The cab stopped in front of a rather nondescript tavern with rooms above that served as an inn. “Best I could do, with the war and all,” Frankie said. “It’s clean enough. Chris had his supper; he’s upstairs in the room, resting. Let’s get you some chow. They’ve got a thing here they call bangers and mash. Sausage and potatoes and peas.”
The publike atmosphere was warm and comforting. Men were drinking and talking and throwing darts at a target on the wall near the bar. Frankie led the dazed Mario to a table in a far corner. Mario sat with his back to the wall and ordered a pint of pale ale with his supper. The brothers spoke frankly, comparing notes. Frankie told him that he was finally in the clear after the Pericolos had tried to set him up. Then they talked about Johnny.
“Rosamaria wrote to me about him,” Mario said quietly. “But it’s still hard to believe that he’s dead. We didn’t even get a chance to say goodbye to him.”
“I know.” Frankie nodded. “I keep thinking he’s still up there in the mountains at that place, reading books, waiting for us to come see him.” They both fell silent.
When they were done eating, Frankie searched his pockets. “I’ve been smoking since I got here,” he admitted. “I’m out of cigarettes. There’s a little shop across the alleyway that sells them. You go on upstairs and say hello to Chris.”
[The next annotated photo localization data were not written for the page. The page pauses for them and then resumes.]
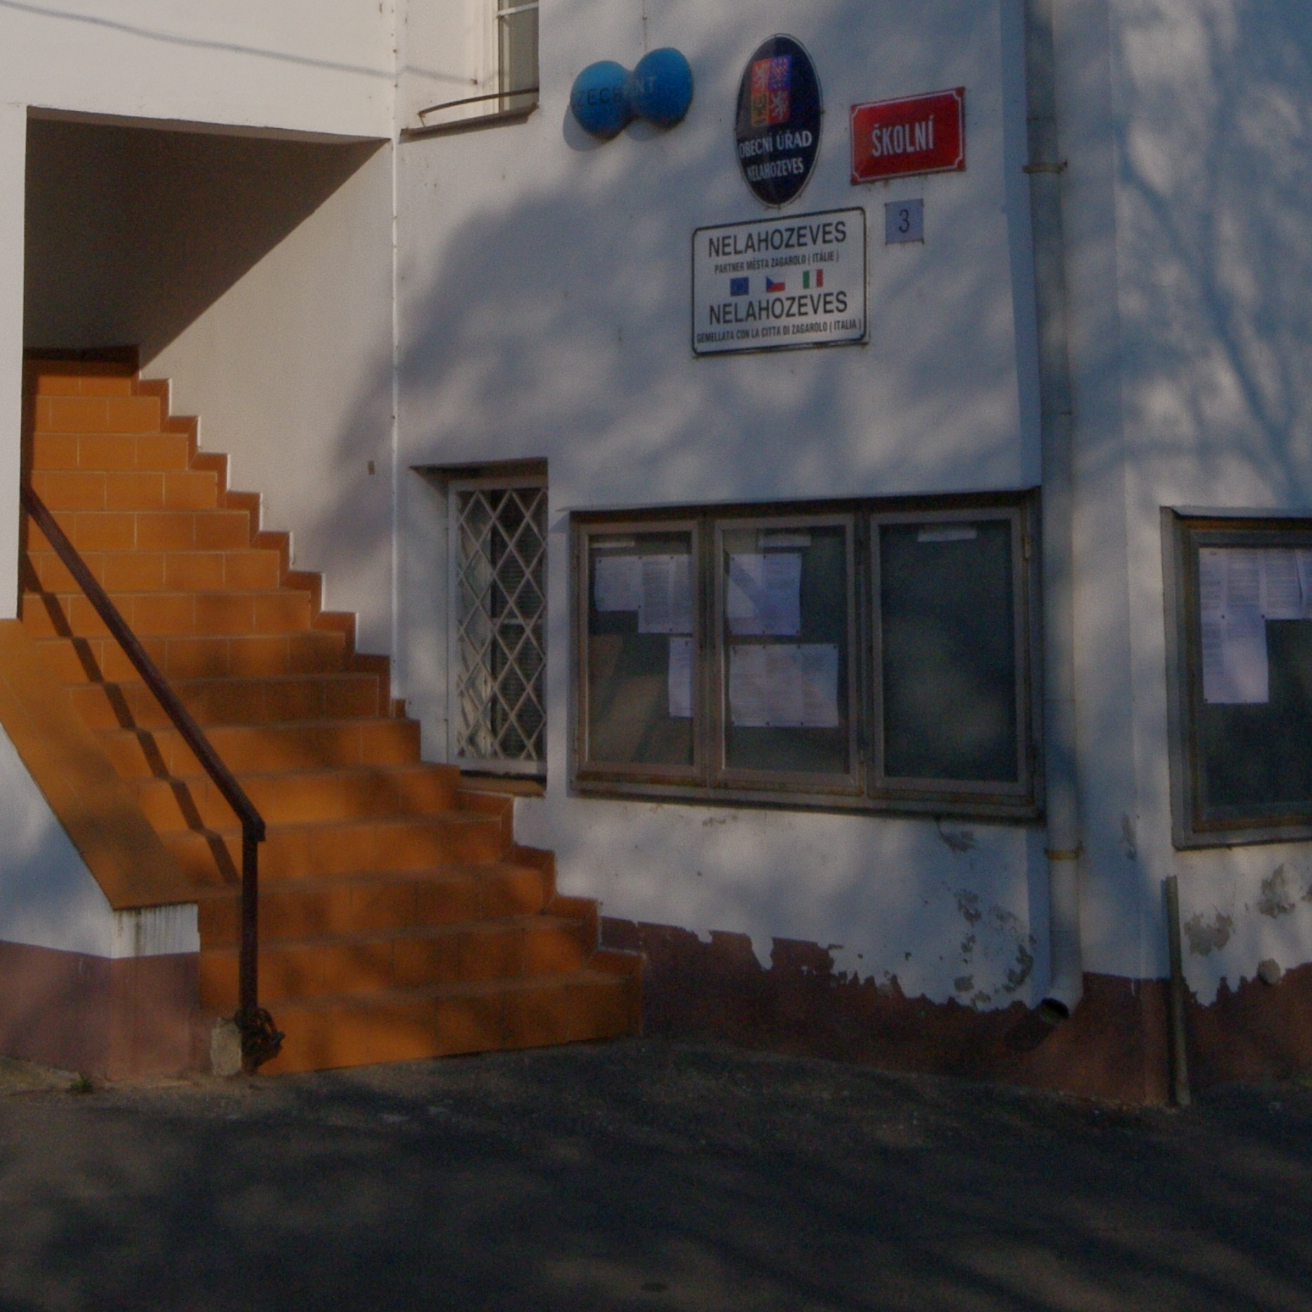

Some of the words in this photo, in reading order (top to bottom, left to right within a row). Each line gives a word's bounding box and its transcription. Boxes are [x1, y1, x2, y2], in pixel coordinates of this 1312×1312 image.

[739, 132, 773, 158] OBECNÍ
[776, 129, 812, 150] ÚŘAD
[871, 114, 935, 158] ŠKOLNÍ
[746, 157, 804, 182] NELAHOZEVES
[898, 209, 910, 234] 3
[708, 221, 848, 258] NELAHOZEVES
[714, 261, 745, 274] PARTNER
[771, 254, 806, 268] ZAGAROLO
[709, 290, 848, 325] NELAHOZEVES
[697, 330, 734, 344] GEMELLATA
[736, 328, 750, 340] CON
[751, 328, 760, 338] LA
[782, 325, 790, 336] DI
[792, 321, 828, 335] ZAGAROLO
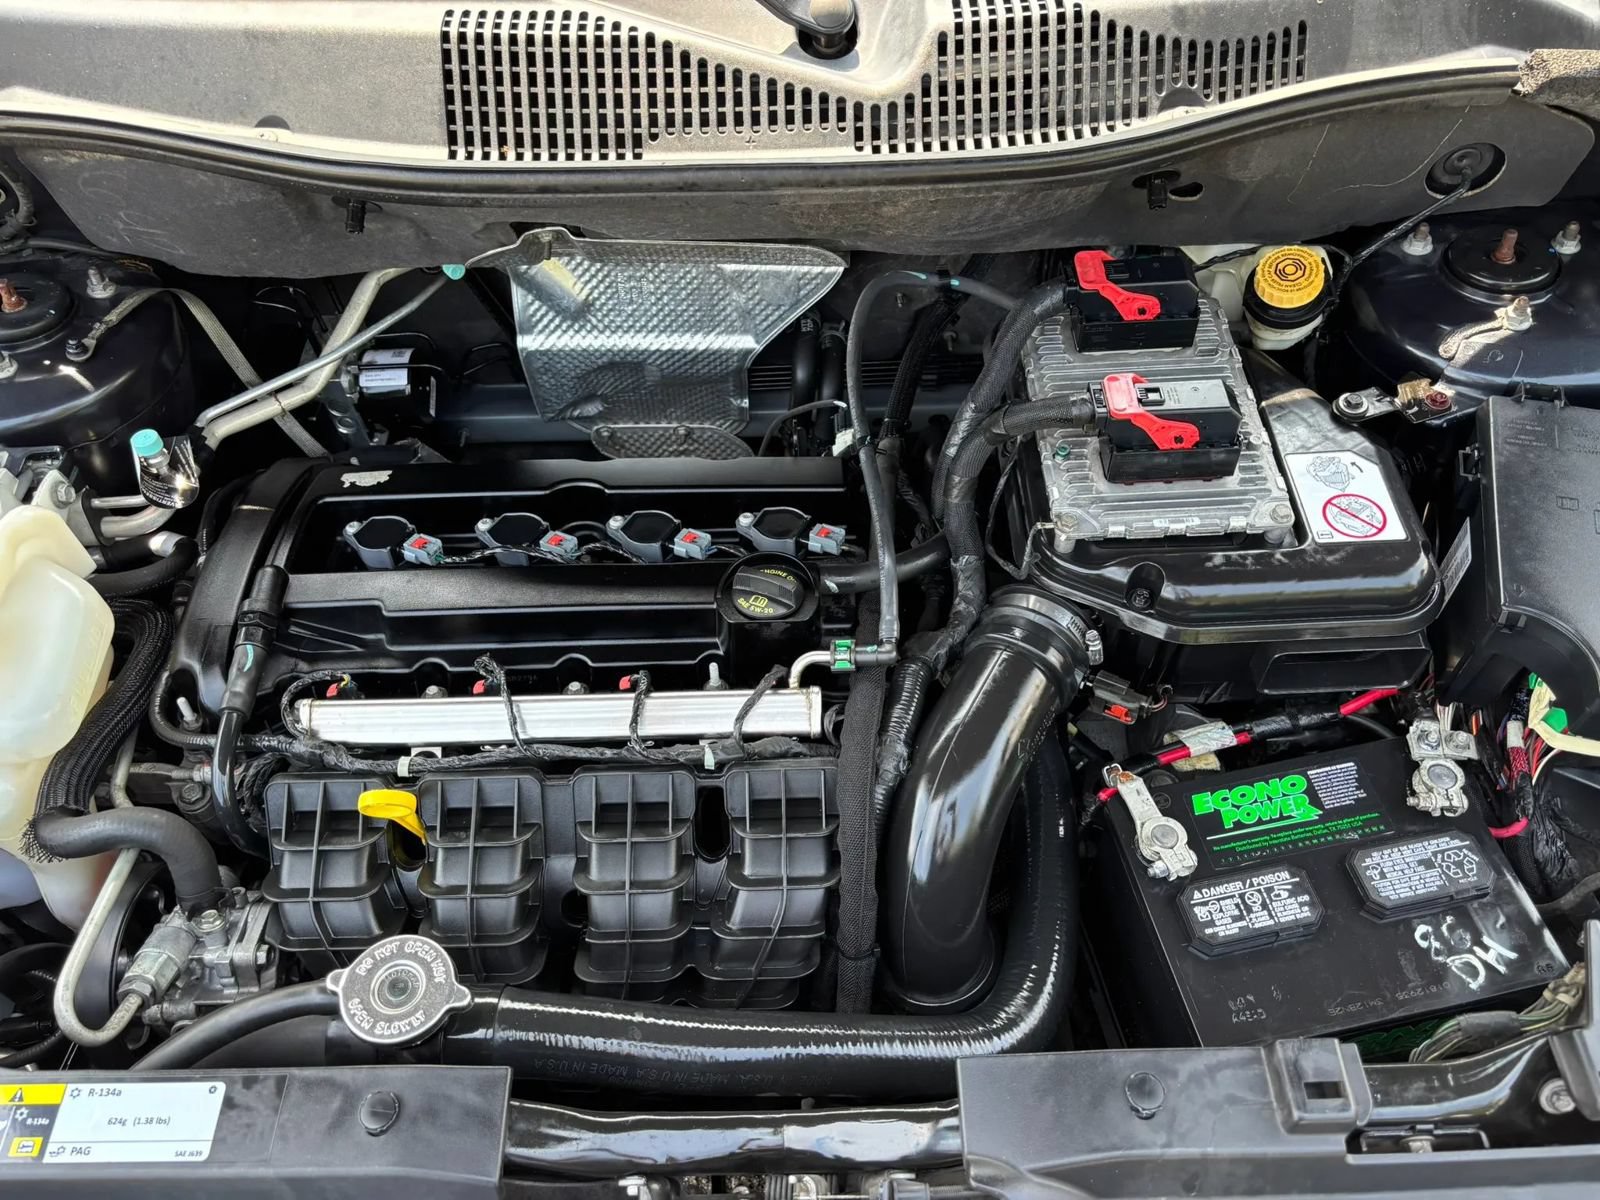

Frankie paid the tab and handed Mario the keys to their room. Mario said, “Does Sal or the family know we’re coming home?”
Frankie shook his head. “I didn’t want to tempt fate by announcing our plans. Never know who’s listening in or reading telegrams these days.”
Mario understood. As Frankie rose and headed out, Mario reached down under the table, searching for his cane. It had fallen onto the floor in the darkness, amid the sawdust that made it easier to sweep up any spilled beer or cigarette butts.
And as Frankie went out the door, another man, seated alone at the bar, quietly rose and followed him, out into the dark alleyway.
* * *
At home it was clear to everyone in the family that the whole world was changing.
“The President’s dead!” Pippa announced importantly one day in spring. She’d heard all about it at school. “Did you hear me? President Franklin Delano Roosevelt is dead!” she intoned as if she were a radio announcer.
Soon afterwards, they learned that the Vice President, a man called Harry Truman, who once used to sell hats, had asked the country to pray for him, saying that he felt as if “the moon, the stars, and all the planets” had fallen on him when he was sworn in as the new President.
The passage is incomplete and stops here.